What the task requires:
Restate the listing exactly.
....
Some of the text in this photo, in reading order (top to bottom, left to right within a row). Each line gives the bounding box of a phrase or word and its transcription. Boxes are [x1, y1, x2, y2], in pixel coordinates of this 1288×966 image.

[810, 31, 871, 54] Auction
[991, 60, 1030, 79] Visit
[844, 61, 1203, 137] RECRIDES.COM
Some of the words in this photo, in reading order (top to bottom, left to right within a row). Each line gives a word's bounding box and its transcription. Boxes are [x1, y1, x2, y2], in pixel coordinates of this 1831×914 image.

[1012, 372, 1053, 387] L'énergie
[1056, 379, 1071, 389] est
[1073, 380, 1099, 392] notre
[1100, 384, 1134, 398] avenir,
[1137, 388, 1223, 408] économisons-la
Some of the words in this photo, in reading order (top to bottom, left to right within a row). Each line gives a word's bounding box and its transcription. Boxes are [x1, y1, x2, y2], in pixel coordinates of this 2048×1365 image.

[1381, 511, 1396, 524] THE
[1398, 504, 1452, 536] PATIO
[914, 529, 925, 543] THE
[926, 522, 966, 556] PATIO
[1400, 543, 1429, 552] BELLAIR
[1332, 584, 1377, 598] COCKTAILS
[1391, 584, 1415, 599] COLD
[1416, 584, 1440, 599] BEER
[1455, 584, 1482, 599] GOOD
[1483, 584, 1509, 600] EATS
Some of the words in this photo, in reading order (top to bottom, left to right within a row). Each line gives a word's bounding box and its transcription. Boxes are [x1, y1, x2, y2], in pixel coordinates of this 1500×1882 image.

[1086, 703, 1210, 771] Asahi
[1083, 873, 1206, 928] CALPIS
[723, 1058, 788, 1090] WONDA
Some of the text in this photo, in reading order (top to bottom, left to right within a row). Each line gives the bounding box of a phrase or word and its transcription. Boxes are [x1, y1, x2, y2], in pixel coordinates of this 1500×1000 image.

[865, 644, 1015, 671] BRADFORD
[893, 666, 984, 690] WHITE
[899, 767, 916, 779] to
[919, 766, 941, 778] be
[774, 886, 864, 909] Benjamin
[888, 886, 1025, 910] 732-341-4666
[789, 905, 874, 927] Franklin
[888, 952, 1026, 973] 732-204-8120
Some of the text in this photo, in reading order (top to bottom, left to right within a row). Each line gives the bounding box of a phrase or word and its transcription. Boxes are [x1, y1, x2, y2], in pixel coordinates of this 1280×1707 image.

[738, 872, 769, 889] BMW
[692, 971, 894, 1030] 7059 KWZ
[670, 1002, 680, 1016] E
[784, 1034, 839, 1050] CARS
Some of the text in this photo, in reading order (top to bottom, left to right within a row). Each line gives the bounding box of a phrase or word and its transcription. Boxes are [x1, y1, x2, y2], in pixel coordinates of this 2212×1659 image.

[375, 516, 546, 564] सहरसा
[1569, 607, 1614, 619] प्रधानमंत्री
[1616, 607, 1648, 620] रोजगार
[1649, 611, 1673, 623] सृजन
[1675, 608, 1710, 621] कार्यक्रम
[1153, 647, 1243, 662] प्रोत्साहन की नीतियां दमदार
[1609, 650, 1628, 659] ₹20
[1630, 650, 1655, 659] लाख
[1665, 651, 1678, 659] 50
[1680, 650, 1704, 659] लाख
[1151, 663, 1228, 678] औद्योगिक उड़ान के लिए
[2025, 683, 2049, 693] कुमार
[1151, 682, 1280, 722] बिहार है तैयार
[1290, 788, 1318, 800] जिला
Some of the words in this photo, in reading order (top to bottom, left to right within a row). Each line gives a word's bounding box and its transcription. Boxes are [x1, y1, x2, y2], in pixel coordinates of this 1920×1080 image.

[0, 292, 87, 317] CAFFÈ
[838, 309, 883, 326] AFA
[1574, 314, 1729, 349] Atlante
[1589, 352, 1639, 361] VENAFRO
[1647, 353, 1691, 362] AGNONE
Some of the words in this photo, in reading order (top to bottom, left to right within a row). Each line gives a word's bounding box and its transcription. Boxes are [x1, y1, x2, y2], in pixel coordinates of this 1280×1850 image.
....
Result:
Some of the text in this photo, in reading order (top to bottom, left to right within a row). Each line gives the bounding box of a phrase or word and its transcription. Boxes are [x1, y1, x2, y2], in pixel coordinates of this 1288×966 image.

[810, 31, 871, 54] Auction
[991, 60, 1030, 79] Visit
[844, 61, 1203, 137] RECRIDES.COM
Some of the words in this photo, in reading order (top to bottom, left to right within a row). Each line gives a word's bounding box and its transcription. Boxes are [x1, y1, x2, y2], in pixel coordinates of this 1831×914 image.

[1012, 372, 1053, 387] L'énergie
[1056, 379, 1071, 389] est
[1073, 380, 1099, 392] notre
[1100, 384, 1134, 398] avenir,
[1137, 388, 1223, 408] économisons-la
Some of the words in this photo, in reading order (top to bottom, left to right within a row). Each line gives a word's bounding box and its transcription. Boxes are [x1, y1, x2, y2], in pixel coordinates of this 2048×1365 image.

[1381, 511, 1396, 524] THE
[1398, 504, 1452, 536] PATIO
[914, 529, 925, 543] THE
[926, 522, 966, 556] PATIO
[1400, 543, 1429, 552] BELLAIR
[1332, 584, 1377, 598] COCKTAILS
[1391, 584, 1415, 599] COLD
[1416, 584, 1440, 599] BEER
[1455, 584, 1482, 599] GOOD
[1483, 584, 1509, 600] EATS
Some of the words in this photo, in reading order (top to bottom, left to right within a row). Each line gives a word's bounding box and its transcription. Boxes are [x1, y1, x2, y2], in pixel coordinates of this 1500×1882 image.

[1086, 703, 1210, 771] Asahi
[1083, 873, 1206, 928] CALPIS
[723, 1058, 788, 1090] WONDA
Some of the text in this photo, in reading order (top to bottom, left to right within a row). Each line gives the bounding box of a phrase or word and its transcription. Boxes are [x1, y1, x2, y2], in pixel coordinates of this 1500×1000 image.

[865, 644, 1015, 671] BRADFORD
[893, 666, 984, 690] WHITE
[899, 767, 916, 779] to
[919, 766, 941, 778] be
[774, 886, 864, 909] Benjamin
[888, 886, 1025, 910] 732-341-4666
[789, 905, 874, 927] Franklin
[888, 952, 1026, 973] 732-204-8120
Some of the text in this photo, in reading order (top to bottom, left to right within a row). Each line gives the bounding box of a phrase or word and its transcription. Boxes are [x1, y1, x2, y2], in pixel coordinates of this 1280×1707 image.

[738, 872, 769, 889] BMW
[692, 971, 894, 1030] 7059 KWZ
[670, 1002, 680, 1016] E
[784, 1034, 839, 1050] CARS
Some of the text in this photo, in reading order (top to bottom, left to right within a row). Each line gives the bounding box of a phrase or word and its transcription. Boxes are [x1, y1, x2, y2], in pixel coordinates of this 2212×1659 image.

[375, 516, 546, 564] सहरसा
[1569, 607, 1614, 619] प्रधानमंत्री
[1616, 607, 1648, 620] रोजगार
[1649, 611, 1673, 623] सृजन
[1675, 608, 1710, 621] कार्यक्रम
[1153, 647, 1243, 662] प्रोत्साहन की नीतियां दमदार
[1609, 650, 1628, 659] ₹20
[1630, 650, 1655, 659] लाख
[1665, 651, 1678, 659] 50
[1680, 650, 1704, 659] लाख
[1151, 663, 1228, 678] औद्योगिक उड़ान के लिए
[2025, 683, 2049, 693] कुमार
[1151, 682, 1280, 722] बिहार है तैयार
[1290, 788, 1318, 800] जिला
Some of the words in this photo, in reading order (top to bottom, left to right within a row). Each line gives a word's bounding box and its transcription. Boxes are [x1, y1, x2, y2], in pixel coordinates of this 1920×1080 image.

[0, 292, 87, 317] CAFFÈ
[838, 309, 883, 326] AFA
[1574, 314, 1729, 349] Atlante
[1589, 352, 1639, 361] VENAFRO
[1647, 353, 1691, 362] AGNONE
Some of the words in this photo, in reading order (top to bottom, left to right within a row). Each line gives a word's bounding box and its transcription. Boxes are [x1, y1, x2, y2], in pixel coordinates of this 1280×1850 image.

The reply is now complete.